Volume stabilization in a warped flux compactification model

Abstract

We investigate the stability of the extra dimensions in a warped, codimension two braneworld that is based upon an Einstein-Maxwell-dilaton theory. The braneworld solution has two 3-branes, which are located at the positions of the conical singularities. For this type of brane solution the relative positions of the branes (the shape modulus) are determined via the tension-deficit relations, if the brane tensions are fixed. However, the volume of the extra dimensions (the volume modulus) is not fixed in the context of the classical theory. Hence, we discuss the one-loop effective potential of the volume modulus for a massless, minimally coupled scalar field.
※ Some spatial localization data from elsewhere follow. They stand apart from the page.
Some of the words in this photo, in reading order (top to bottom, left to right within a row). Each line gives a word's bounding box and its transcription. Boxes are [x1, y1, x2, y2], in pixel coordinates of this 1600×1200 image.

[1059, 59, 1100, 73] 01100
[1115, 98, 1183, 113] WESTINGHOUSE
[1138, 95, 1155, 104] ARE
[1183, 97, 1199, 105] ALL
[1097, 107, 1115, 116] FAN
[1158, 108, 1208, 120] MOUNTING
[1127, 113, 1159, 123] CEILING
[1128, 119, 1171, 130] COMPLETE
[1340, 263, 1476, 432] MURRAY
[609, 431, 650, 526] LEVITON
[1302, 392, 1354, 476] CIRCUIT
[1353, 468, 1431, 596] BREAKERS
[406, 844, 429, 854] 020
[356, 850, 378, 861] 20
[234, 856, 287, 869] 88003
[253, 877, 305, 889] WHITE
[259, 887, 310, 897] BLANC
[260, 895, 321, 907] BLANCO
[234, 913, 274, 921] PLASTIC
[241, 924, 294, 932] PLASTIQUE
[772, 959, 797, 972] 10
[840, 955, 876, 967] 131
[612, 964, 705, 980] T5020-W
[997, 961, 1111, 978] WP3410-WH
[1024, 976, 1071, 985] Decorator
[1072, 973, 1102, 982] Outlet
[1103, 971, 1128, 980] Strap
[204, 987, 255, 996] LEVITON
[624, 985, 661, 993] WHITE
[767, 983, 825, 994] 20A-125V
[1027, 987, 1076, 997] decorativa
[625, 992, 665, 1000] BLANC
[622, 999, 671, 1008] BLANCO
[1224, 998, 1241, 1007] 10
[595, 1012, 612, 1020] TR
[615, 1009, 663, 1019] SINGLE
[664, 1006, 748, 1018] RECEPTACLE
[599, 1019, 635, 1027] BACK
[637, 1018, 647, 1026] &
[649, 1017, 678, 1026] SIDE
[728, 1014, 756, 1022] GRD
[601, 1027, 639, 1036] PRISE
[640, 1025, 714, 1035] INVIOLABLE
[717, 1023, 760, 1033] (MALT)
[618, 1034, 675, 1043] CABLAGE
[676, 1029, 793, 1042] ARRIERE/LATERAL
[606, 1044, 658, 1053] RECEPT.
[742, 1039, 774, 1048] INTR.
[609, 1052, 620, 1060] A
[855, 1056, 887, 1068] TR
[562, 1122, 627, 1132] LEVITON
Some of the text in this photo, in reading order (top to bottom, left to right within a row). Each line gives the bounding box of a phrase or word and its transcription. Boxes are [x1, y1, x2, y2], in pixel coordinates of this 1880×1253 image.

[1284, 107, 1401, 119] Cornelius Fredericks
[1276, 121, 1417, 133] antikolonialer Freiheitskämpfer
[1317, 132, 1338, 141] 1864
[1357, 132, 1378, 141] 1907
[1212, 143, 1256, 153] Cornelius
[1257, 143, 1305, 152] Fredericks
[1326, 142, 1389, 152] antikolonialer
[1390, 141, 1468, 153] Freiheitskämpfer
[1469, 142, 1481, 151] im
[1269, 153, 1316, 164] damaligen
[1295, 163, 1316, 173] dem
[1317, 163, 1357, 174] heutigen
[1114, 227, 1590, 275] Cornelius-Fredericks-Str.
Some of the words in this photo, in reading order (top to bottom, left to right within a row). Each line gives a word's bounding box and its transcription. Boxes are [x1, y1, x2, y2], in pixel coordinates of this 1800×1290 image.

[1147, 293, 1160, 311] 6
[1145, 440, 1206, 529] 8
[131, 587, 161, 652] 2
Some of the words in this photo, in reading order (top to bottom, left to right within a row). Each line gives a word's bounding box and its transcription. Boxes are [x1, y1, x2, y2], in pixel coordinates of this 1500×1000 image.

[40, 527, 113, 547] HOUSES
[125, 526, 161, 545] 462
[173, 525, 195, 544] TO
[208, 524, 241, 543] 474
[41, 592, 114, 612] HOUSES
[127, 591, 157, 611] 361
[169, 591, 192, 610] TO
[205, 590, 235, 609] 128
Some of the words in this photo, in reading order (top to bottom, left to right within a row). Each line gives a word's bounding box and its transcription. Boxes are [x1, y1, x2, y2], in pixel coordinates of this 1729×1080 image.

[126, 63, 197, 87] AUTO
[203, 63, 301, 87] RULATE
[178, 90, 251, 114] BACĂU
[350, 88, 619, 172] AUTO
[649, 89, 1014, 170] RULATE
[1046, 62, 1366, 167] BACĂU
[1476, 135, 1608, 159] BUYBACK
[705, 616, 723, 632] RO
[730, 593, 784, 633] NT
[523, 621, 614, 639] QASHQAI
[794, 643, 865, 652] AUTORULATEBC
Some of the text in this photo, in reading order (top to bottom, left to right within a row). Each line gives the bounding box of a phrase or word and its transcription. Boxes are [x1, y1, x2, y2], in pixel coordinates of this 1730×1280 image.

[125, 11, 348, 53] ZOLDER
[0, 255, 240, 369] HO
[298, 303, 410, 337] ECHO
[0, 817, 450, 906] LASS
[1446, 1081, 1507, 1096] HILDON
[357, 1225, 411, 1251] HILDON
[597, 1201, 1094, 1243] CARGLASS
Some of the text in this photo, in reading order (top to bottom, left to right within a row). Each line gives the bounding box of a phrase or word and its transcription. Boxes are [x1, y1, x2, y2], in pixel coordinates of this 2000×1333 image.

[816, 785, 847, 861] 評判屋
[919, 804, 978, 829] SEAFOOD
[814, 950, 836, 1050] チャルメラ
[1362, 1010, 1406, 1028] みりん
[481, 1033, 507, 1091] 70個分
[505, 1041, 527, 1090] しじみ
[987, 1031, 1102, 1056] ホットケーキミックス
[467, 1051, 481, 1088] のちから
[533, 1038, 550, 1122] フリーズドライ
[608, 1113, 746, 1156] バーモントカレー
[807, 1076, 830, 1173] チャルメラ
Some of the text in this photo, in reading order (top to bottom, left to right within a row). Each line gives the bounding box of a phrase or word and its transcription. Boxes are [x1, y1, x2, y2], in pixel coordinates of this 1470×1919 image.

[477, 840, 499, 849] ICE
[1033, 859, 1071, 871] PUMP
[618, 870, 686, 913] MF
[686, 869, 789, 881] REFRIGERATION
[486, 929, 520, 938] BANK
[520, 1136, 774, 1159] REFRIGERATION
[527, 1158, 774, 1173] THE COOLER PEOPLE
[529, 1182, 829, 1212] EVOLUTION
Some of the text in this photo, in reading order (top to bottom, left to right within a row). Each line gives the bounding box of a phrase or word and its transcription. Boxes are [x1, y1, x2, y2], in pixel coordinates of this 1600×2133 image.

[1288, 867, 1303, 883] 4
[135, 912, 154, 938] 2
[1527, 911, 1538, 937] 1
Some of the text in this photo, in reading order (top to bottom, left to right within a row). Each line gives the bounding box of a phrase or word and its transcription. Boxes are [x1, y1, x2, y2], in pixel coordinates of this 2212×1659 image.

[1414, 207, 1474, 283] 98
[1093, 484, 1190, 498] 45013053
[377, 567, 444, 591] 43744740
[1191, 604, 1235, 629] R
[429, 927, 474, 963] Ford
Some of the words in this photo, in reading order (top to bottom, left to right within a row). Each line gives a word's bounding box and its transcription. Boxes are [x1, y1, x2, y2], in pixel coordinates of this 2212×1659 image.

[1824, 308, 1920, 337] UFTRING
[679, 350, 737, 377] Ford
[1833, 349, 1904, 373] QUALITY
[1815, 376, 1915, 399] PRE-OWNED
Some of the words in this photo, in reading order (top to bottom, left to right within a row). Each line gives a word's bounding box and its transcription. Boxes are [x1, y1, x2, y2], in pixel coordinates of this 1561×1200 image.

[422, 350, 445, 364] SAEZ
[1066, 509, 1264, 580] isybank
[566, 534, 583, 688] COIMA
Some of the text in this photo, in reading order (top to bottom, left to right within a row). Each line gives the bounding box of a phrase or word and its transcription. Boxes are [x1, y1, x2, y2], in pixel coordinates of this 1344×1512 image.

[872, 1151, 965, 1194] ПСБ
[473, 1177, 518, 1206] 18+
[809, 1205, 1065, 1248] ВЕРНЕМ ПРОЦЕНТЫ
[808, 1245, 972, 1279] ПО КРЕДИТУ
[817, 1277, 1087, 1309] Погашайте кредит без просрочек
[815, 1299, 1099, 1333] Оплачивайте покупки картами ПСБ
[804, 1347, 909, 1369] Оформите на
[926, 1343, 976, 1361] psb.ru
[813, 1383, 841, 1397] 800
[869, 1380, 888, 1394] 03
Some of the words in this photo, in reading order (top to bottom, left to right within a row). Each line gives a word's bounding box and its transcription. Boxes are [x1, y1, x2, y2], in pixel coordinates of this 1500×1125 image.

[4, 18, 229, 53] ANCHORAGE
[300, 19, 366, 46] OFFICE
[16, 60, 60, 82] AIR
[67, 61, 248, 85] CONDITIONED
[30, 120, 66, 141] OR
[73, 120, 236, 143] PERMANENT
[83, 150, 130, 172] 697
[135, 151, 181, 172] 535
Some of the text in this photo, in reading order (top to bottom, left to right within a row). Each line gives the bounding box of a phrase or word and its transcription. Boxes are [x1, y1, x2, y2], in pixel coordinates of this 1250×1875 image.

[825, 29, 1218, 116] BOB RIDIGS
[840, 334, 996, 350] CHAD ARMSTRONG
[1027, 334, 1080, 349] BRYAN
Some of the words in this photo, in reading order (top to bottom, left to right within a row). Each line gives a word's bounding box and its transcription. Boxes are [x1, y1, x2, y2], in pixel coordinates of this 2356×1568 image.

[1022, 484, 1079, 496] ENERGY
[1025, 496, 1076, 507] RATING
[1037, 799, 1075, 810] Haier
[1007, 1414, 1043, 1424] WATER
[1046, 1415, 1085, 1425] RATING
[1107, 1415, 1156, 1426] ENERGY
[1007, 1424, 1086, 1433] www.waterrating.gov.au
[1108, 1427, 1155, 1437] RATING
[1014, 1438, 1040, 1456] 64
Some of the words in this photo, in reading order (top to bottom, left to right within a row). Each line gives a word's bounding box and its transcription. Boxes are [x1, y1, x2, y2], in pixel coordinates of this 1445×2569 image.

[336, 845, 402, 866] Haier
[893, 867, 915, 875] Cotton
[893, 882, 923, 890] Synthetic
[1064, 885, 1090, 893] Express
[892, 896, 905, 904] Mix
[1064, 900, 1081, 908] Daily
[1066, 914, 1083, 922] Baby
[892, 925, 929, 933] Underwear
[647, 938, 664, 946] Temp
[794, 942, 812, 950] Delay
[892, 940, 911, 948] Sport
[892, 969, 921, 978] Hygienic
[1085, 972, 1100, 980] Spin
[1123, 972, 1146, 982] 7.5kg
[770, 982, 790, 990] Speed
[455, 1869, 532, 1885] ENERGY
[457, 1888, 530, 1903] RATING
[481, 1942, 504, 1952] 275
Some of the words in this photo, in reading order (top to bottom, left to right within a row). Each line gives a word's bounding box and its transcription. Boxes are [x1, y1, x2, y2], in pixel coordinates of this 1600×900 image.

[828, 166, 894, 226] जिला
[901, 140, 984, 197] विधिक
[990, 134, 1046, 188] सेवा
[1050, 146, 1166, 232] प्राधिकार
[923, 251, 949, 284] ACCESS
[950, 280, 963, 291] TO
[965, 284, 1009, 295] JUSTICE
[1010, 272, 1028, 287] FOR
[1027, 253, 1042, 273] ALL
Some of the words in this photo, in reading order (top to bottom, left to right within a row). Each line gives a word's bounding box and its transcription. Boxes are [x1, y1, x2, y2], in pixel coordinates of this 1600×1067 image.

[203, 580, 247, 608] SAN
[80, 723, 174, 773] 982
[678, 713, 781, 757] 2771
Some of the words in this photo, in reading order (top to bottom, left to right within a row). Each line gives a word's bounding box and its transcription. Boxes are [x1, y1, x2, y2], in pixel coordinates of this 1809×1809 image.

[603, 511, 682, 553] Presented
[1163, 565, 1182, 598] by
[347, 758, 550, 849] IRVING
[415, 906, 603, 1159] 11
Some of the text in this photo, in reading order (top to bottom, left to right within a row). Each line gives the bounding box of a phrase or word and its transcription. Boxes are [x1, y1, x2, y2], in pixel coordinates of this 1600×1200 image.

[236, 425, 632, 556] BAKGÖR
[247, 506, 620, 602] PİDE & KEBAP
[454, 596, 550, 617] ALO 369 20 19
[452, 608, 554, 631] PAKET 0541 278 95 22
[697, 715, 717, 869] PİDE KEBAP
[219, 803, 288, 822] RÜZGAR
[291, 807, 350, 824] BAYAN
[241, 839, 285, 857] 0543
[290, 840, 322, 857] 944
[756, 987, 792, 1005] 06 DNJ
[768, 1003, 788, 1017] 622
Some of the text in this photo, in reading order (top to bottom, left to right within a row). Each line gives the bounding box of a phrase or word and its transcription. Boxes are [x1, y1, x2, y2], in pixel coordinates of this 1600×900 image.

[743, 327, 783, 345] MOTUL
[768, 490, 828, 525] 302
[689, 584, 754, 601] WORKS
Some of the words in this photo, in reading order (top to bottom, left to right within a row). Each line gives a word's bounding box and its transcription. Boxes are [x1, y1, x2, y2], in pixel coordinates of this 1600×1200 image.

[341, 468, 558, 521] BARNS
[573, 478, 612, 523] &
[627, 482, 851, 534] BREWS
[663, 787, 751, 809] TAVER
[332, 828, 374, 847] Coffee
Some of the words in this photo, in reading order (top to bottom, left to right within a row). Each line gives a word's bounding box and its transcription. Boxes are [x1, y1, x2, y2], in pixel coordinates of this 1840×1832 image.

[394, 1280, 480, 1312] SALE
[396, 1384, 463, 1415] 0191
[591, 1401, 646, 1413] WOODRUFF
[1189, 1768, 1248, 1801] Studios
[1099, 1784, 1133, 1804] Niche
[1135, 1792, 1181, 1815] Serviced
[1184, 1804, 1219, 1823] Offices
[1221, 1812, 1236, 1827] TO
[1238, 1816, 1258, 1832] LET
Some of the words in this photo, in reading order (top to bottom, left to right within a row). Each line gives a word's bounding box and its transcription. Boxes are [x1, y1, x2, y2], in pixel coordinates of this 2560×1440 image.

Given the scale invariance of the background solution, the form of the modulus effective potential can only be determined from the sign of the logarithmic term in the effective potential. This term can be evaluated via heat kernel analysis and we show that in most cases the volume modulus is stabilized. In the actual evaluation, due to a lack of knowledge of the UV contributions from the conical branes in a six-dimensional spacetime, we consider its four-dimensional counterpart. We then go on to discuss the mass scale of the modulus itself and find that it becomes comparable to the gravitational scale for mild degrees of warping. Then, we make some suggestions on the original six-dimensional model. Finally, we close this article, after discussing some phenomenological implications relating to the hierarchy problem of the fundamental energy scales and the smallness of the effective vacuum energy on the brane. We find that one-loop corrections in this model appear to alleviate some of these problems. © SISSA 2006.